Words Have Meanings

Words have meanings. I know, that’s even more obvious than most of the stuff you read here. But today, as a special gift to you, there’s a twist.

I don’t mean that words have definitions. They do, of course, but that’s not what I’m talking about. I’m talking about meaning beyond definition. Stop being coy, you say?


“We utilized the hose to cool our ankles.”

“We used the hose to cool our ankles.”

I’d say that the definitions of “use” and “utilize” in that sentence are exactly the same. But they carry different meanings. The person using utilize is probably trying to appear to be official, smart, formal, businesslike, and articulate.

Of course, to me, “utilize” sounds worse, and I’d never use it when “use” would work as well. I’d rather aid communication than sound smart. But then, my job is to communicate, whereas other peoples’ jobs are to sound smart.

Now that I’ve given an example, I probably don’t have to give any more. So I won’t.

But you get the idea. Words have definitions and they have meanings beyond those definitions. What are you trying to say?

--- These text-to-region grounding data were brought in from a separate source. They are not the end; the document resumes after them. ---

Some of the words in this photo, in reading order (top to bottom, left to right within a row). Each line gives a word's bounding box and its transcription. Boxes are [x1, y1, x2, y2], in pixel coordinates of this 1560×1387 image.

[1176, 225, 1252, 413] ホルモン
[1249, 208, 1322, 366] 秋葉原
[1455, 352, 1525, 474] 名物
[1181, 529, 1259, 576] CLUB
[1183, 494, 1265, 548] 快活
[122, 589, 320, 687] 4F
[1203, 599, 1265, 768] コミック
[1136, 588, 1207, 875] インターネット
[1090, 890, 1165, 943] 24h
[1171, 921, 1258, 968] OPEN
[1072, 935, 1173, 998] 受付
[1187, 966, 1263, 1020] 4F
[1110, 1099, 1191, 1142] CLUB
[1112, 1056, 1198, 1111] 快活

One Response to Words Have Meanings

  1. Jeffrey May 26, 2010 at 1:14 am #

    If you use “impact” as a verb, you’re probably trying to sound official, but to me, you just sound officious.

    Another meaning is when people won’t tell you what’s up, instead using lots of verbs: “We intend to focus on developing a plan to X” instead of “We will X.” The meaning is “we are official.”

    Welcome to my (editing) world!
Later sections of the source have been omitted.